NOTE 11. STOCK COMPENSATION

The Company maintains the Pathward Financial, Inc. 2002 Omnibus Incentive Plan, as amended and restated (the "2002 Omnibus Incentive Plan"), which, among other things, provides for the awarding of stock options, nonvested (restricted) shares, and performance share units ("PSUs") to certain officers and directors of the Company. Awards are granted by the Compensation Committee of the Board of Directors based on the performance of the award recipients or other relevant factors.

Compensation expense for share-based awards is recorded over the vesting period at the fair value of the award at the time of the grant. The exercise price of options or fair value of nonvested (restricted) shares and performance share units granted under the Company’s 2002 Omnibus Incentive Plan is equal to the fair market value of the underlying stock at the grant date, adjusted for dividends where applicable. The Company has elected, with the adoption of ASU 2016-09, to record forfeitures as they occur.

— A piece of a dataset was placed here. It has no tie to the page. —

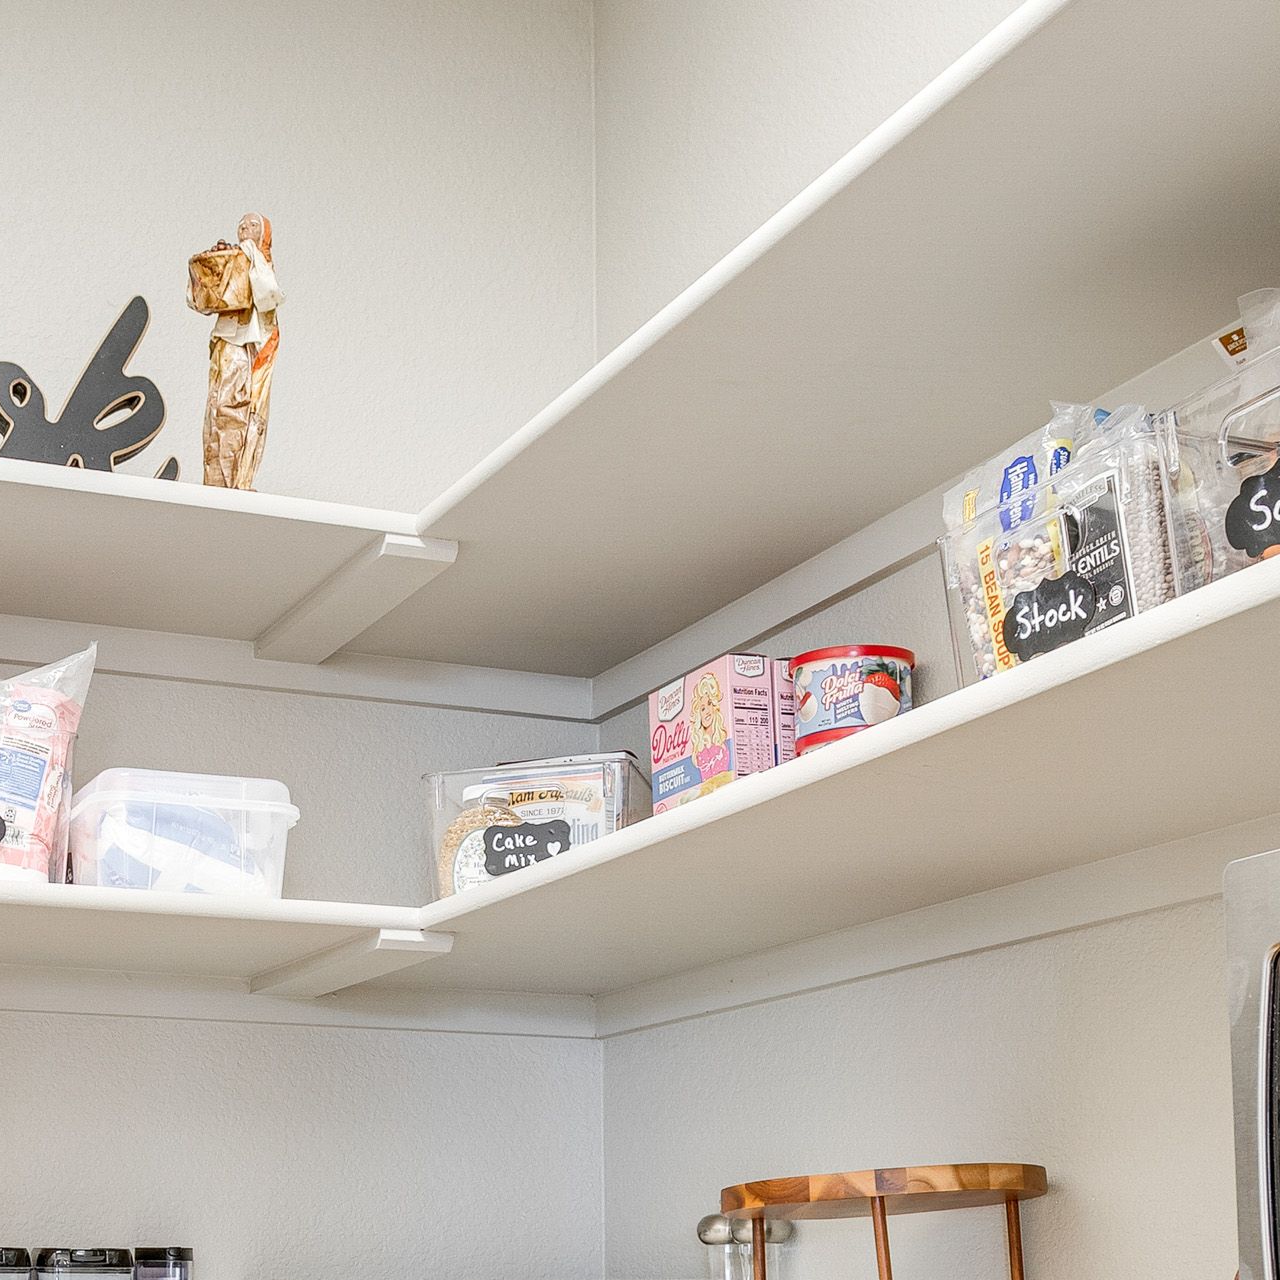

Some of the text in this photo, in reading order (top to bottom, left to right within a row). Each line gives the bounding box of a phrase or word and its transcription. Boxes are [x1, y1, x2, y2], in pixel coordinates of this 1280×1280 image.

The following tables show the activity of nonvested (restricted) shares and PSUs granted, vested, or forfeited under the 2002 Omnibus Incentive Plan for the three months ended December 31, 2022. There were no options granted, exercised, or forfeited under this plan during the three months ended December 31, 2022.
(Dollars in thousands, except per share data)Number of SharesWeighted Average Fair Value at Grant
Nonvested shares outstanding, September 30, 2022
474,348 $36.52 
Granted135,417 36.68 
Vested(181,240)34.71 
Forfeited or expired(1,017)41.82 
Nonvested shares outstanding, December 31, 2022
427,508 $37.32 
Performance share units outstanding, September 30, 2022
96,689 $42.59 
Granted(1)
59,115 38.94 
Vested  
Forfeited or expired  
Performance share units outstanding, December 31, 2022
155,804 $41.20 
(1) The number of PSUs granted reflects the target number of PSUs able to be earned under a given award.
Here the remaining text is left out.